Matt Norwood doesn’t know the exact number. He “lost count” after 200 of how many sneakers he owns.

Norwood, host of the Outcha League Sports Podcast and a sneaker enthusiast since childhood, noted that his love for collecting sneakers started at an early age. The North Philadelphia native joined Inquirer Live on Tuesday to discuss the city’s sneaker culture, some of the biggest shoe brands, and the Sixers’ sneaker presence.

“When I was young I was a huge basketball fan, and that’s really where it came from,” said Norwood, 39. “From there it just took off. I was [wearing] a little bit of everything back then.”

» READ MORE: Inquirer LIVE: Philly Sneaker Culture

When discussing Philly’s sneaker culture, the conversation has to include Allen Iverson, and not just for what he’s done here. Iverson is arguably one of the most culturally impactful players in NBA history. His cornrows, flashy jewelry, and pregame clothing are all things more accepted today than in his NBA time.

Iverson’s authenticity is part of what made him so marketable and one of the faces of the Reebok brand. Today, Iverson’s Reebok Question Mids are still big sellers in Philly.

“The Question Mids to me are one of the holy grails of sneakers,” Norwood said. “He crossed [Michael Jordan] in those Iversons.”

Philly is also home to the only center in the NBA with a signature shoe. Joel Embiid and Under Armour debuted his Embiid One in the fall of 2020.

Under Armour has rebranded itself by becoming a bigger fixture in the basketball community, led by Stephen Curry and now Embiid.

“When I saw [the shoe], I say, ‘OK. It’s not bad,’” Norwood said. “I think it’s a nice-looking shoe. I haven’t tried it on yet. But if I see a Sixers colorway, I might have to cop.”

The Sixers have other stylish players. In one study, Ben Simmons and Tobias Harris both ranked in the top 10 among NBA players in streetwear clothing.

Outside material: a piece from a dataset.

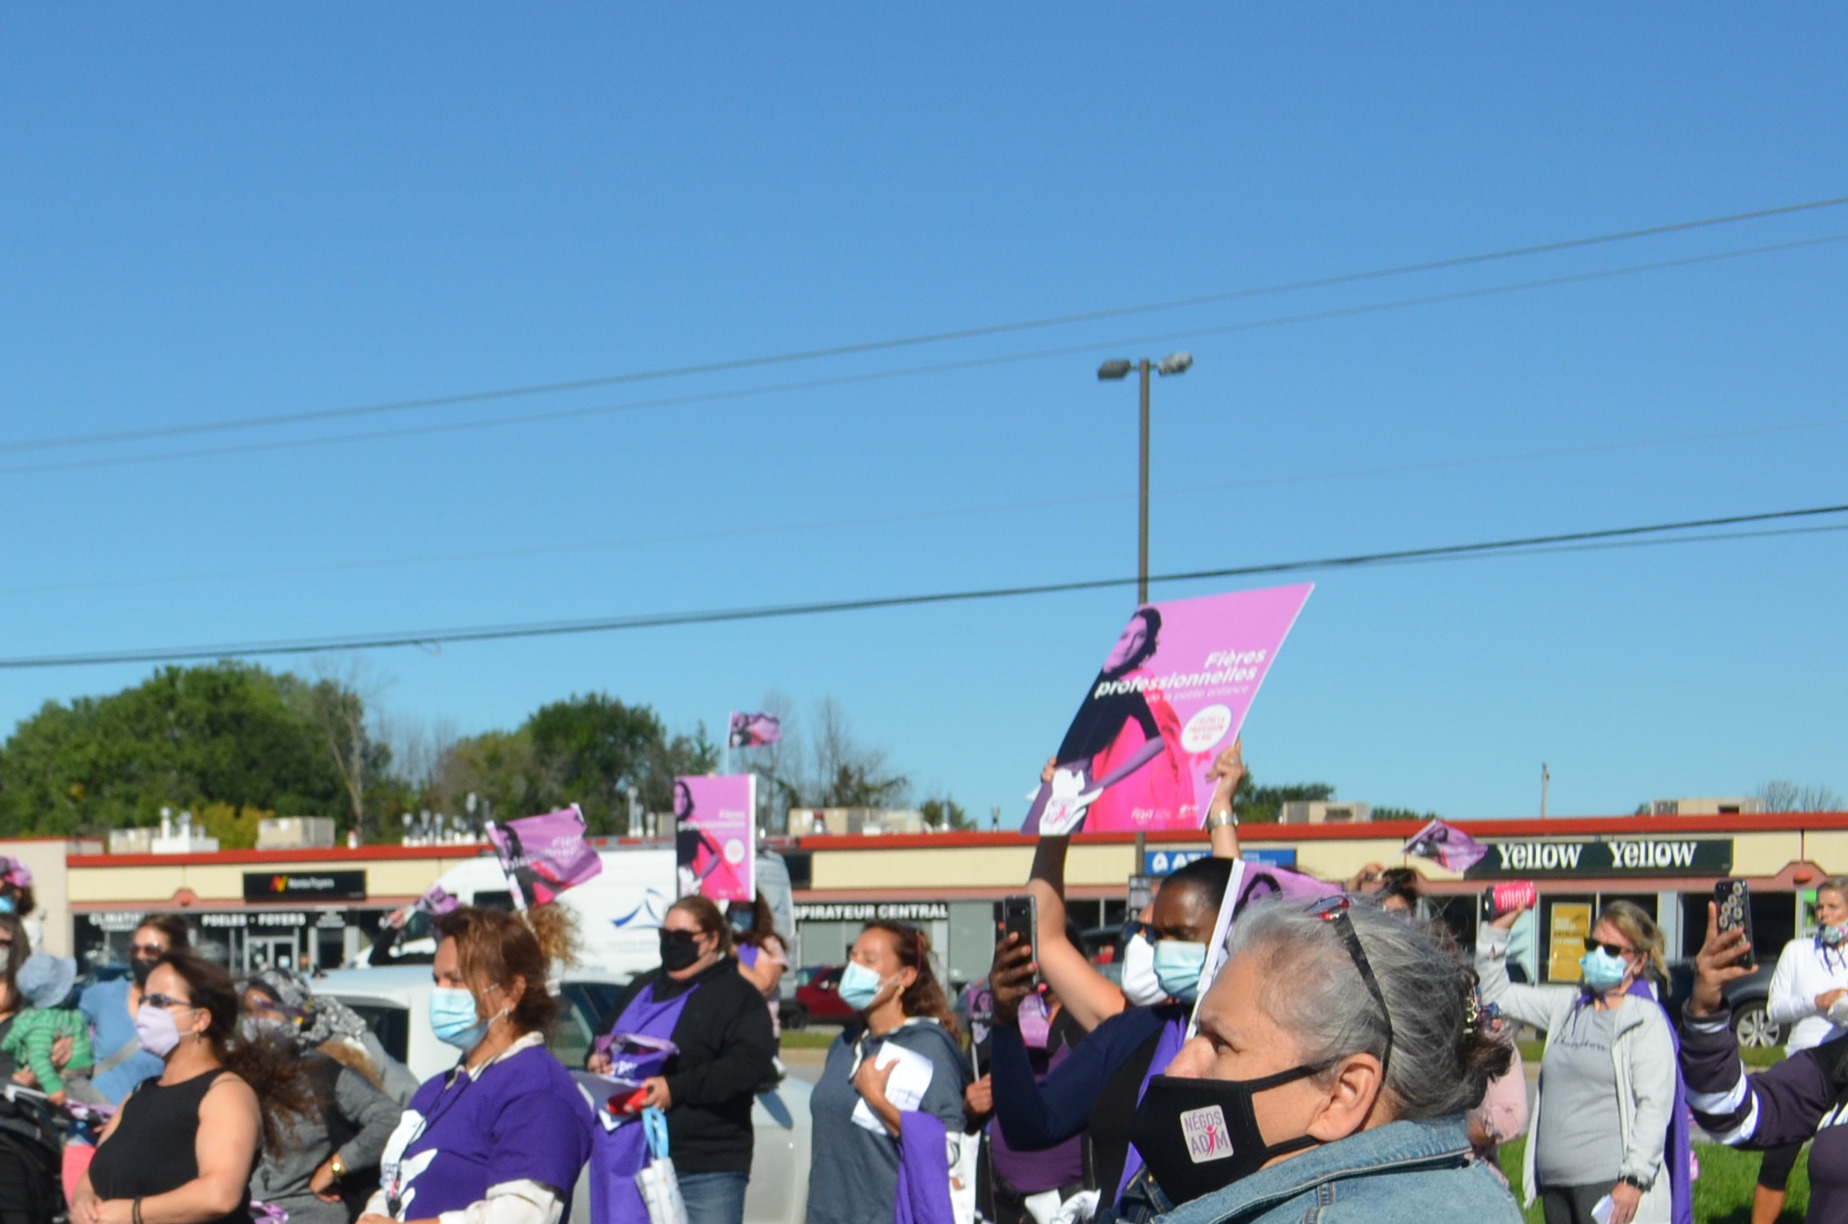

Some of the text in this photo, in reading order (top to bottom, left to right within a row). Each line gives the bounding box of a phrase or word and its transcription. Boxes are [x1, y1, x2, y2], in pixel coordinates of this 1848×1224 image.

Simmons has appeared headed for a sneaker deal and a signature shoe, but Norwood thinks another young Sixer may have a better chance – rookie guard Tyrese Maxey.

“I thought eventually [Nike] would bring a shoe out for Ben Simmons,” Norwood said. “I think Maxey, if they increase his playing time and people really start to see him, he might be somebody that might be next.”

Jordan, Nike, Adidas, Under Armour, Reebok, Puma, and Converse are some of the biggest brands. Anta, based in China, also has a huge following.

Jordan, Nike, and Adidas have each had long runs. Puma is the new kid on the block, reeling in young stars such as Michael Porter Jr., Deandre Ayton, and LaMelo Ball. There’s also the renaissance of Converse, the premier basketball sneaker in the 1980s.

Norwood said that Jordans are his favorite brand, grading the retro Jordan 11s as his favorite shoe.

The sneaker industry is constantly evolving, and shoes are harder to get than ever.

Raffles have replaced the long lines for the hottest weekend drops. Employees at sneaker stores such as Finish Line and City Gear said that hyped new releases are usually gone by early afternoon.

To get your hands on personal favorites, you have to be creative. A lot of the online options turn into bidding wars, during which shoes are sometimes sold for more than twice the retail price.

“When the pandemic hit, I started using eBay,” Norwood said. “I never used StockX or any of those because they were just a little bit too pricey for me. I try not to go overboard with my stuff.”